• [WHAT IS EXPECTED]:
The entire listing, reproduced exactly and stripped of images, is the expected output.

• [SOURCE DATA]:
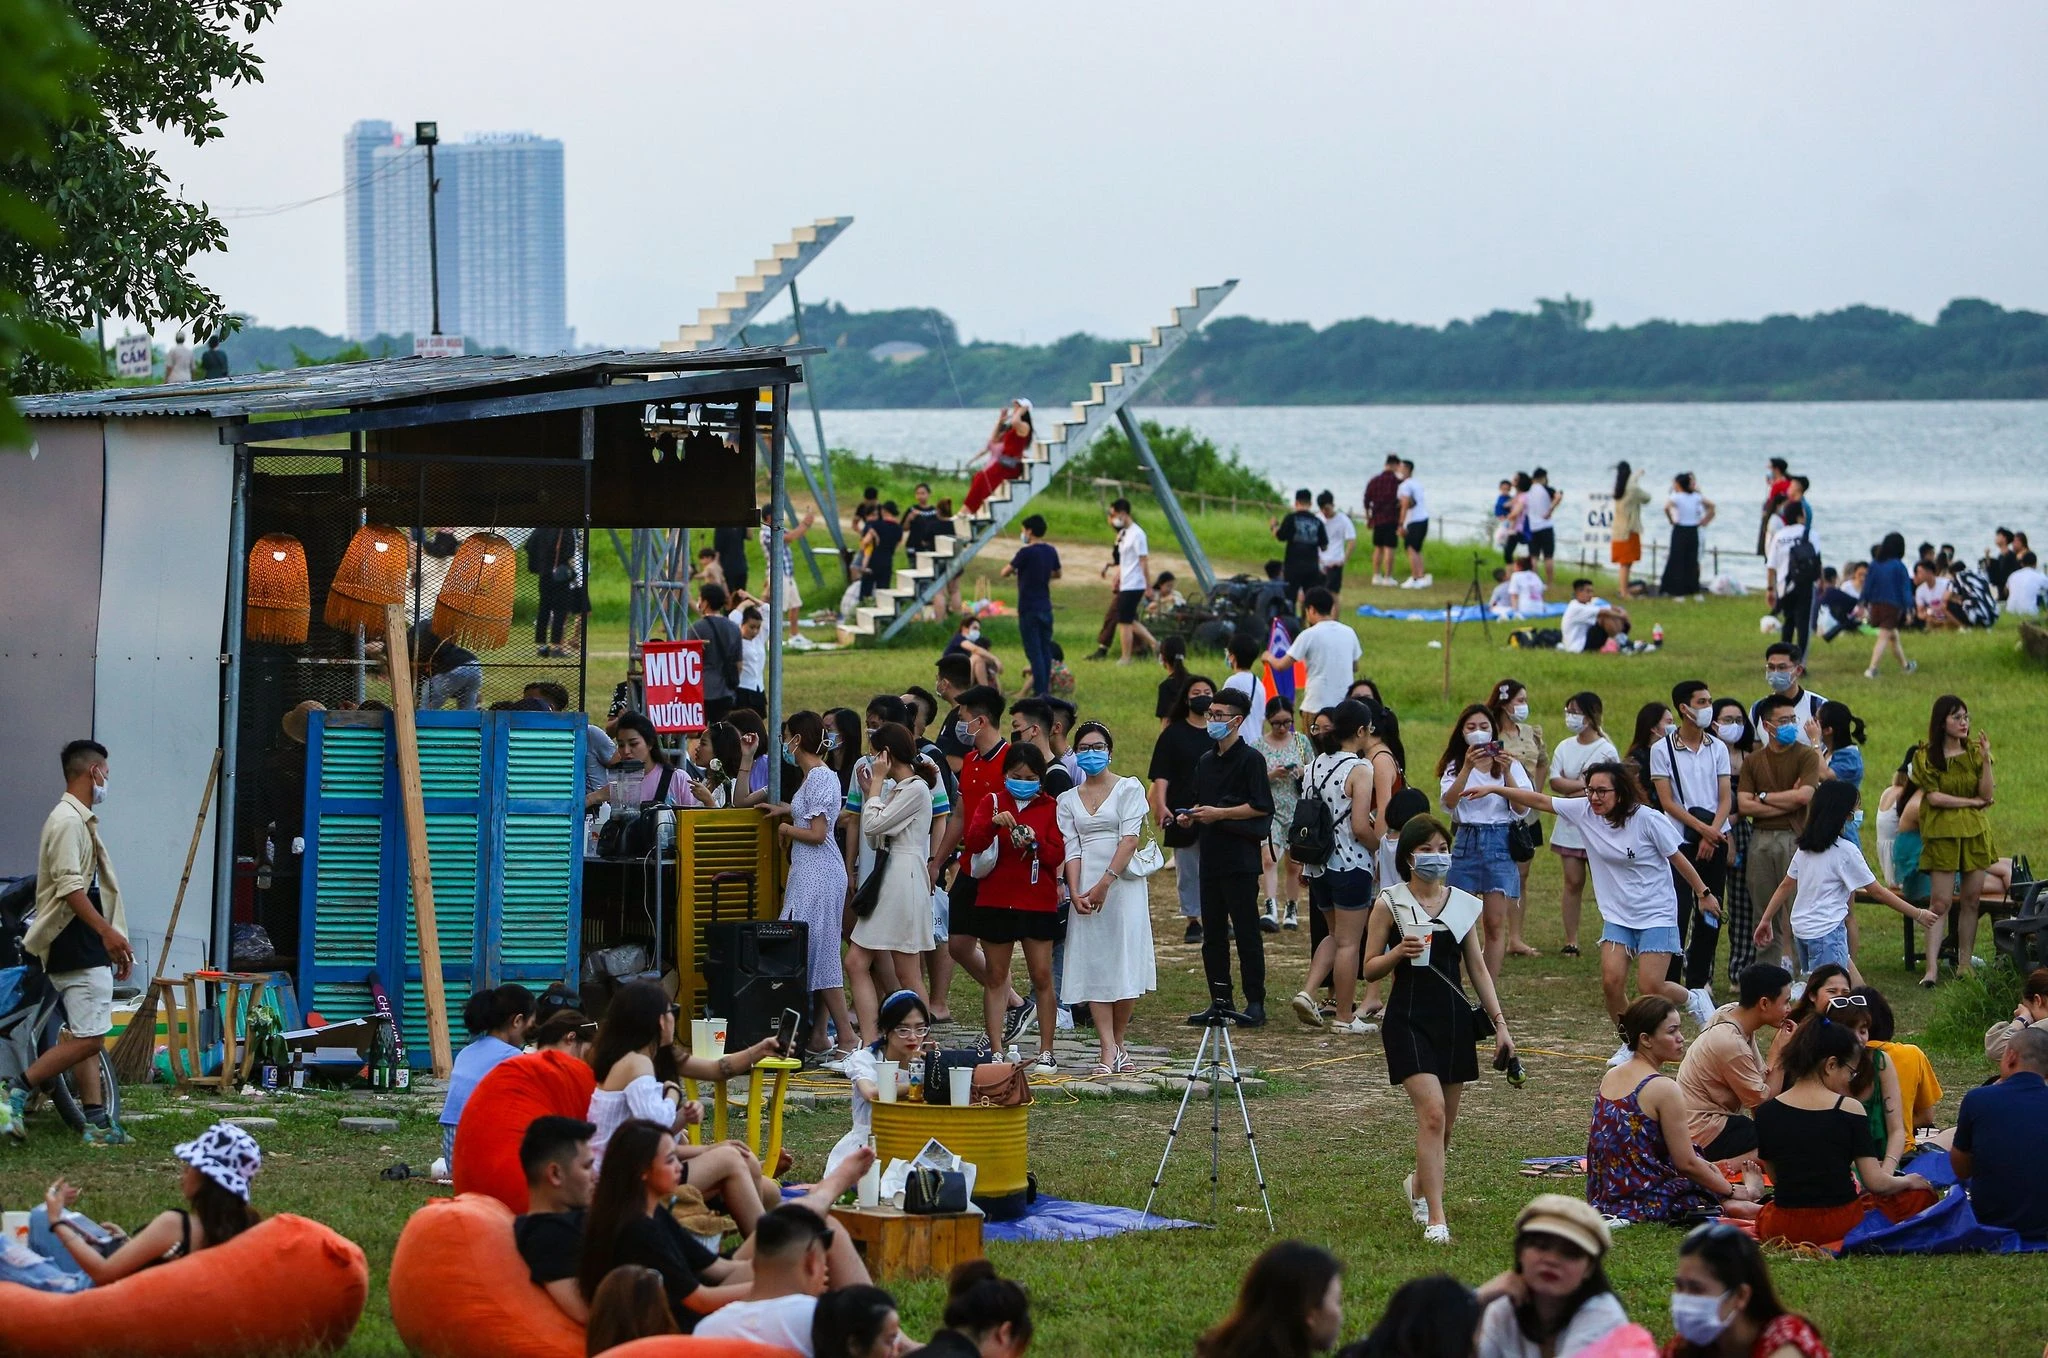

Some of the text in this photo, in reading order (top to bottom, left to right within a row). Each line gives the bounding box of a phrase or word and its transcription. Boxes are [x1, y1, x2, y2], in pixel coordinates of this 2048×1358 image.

[120, 345, 147, 364] CẤM
[1588, 502, 1614, 527] CẤ
[645, 648, 701, 693] MỰC
[649, 697, 704, 727] NƯỚNG
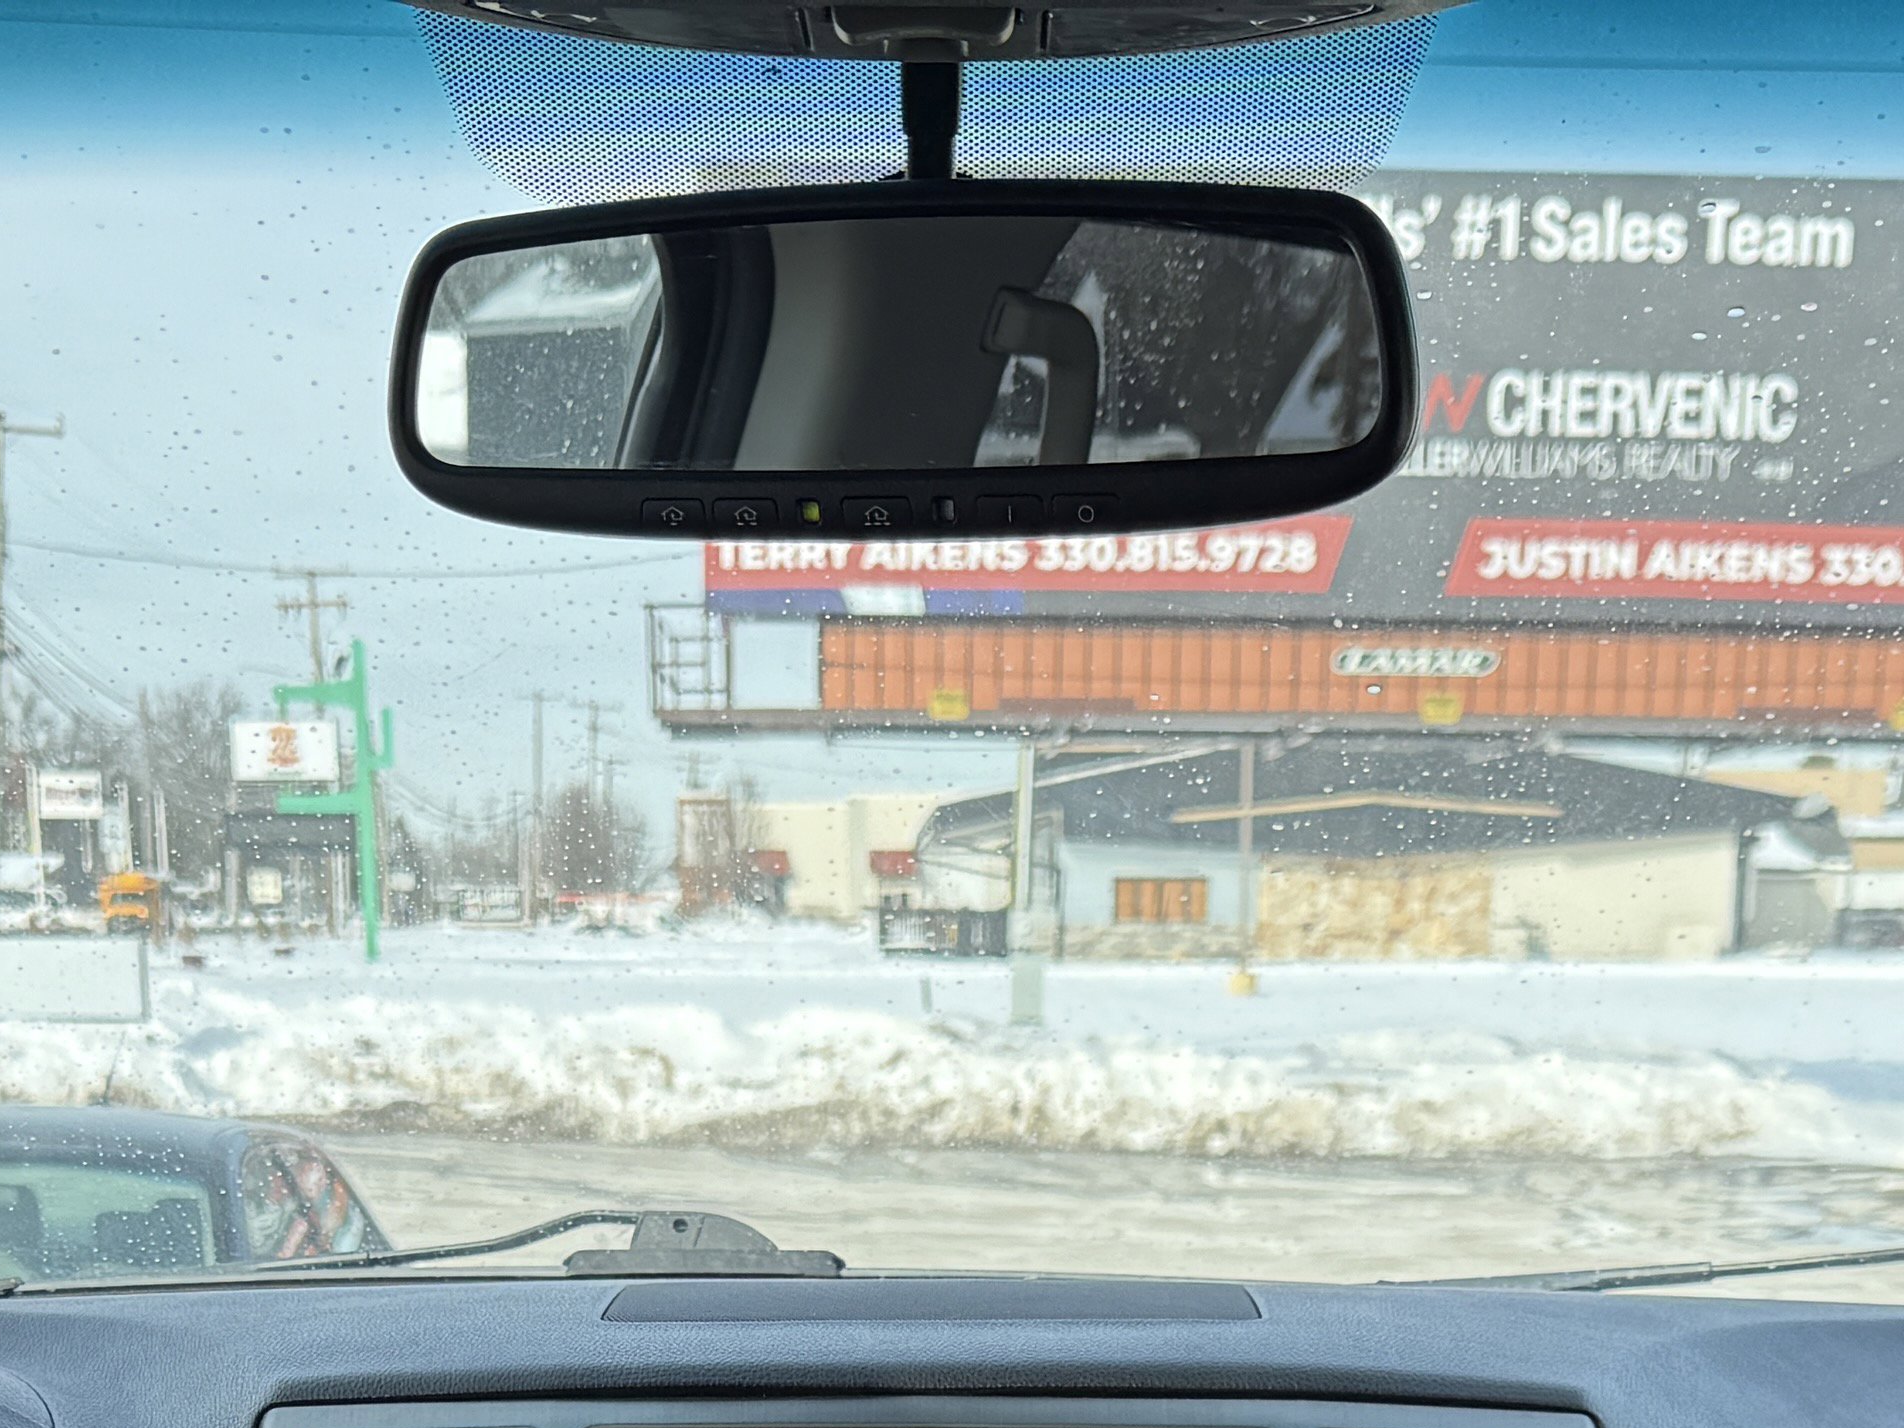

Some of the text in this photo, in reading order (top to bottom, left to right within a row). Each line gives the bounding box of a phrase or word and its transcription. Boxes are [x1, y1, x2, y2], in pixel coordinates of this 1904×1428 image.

• [ANSWER BOX]:
Some of the text in this photo, in reading order (top to bottom, left to right within a row). Each line gives the bounding box of a phrase or word and its transcription. Boxes are [x1, y1, x2, y2], in pixel coordinates of this 2048×1358 image.

[120, 345, 147, 364] CẤM
[1588, 502, 1614, 527] CẤ
[645, 648, 701, 693] MỰC
[649, 697, 704, 727] NƯỚNG

Some of the text in this photo, in reading order (top to bottom, left to right within a row). Each line gives the bounding box of a phrase or word and its transcription. Boxes are [x1, y1, x2, y2], in pixel coordinates of this 1904×1428 image.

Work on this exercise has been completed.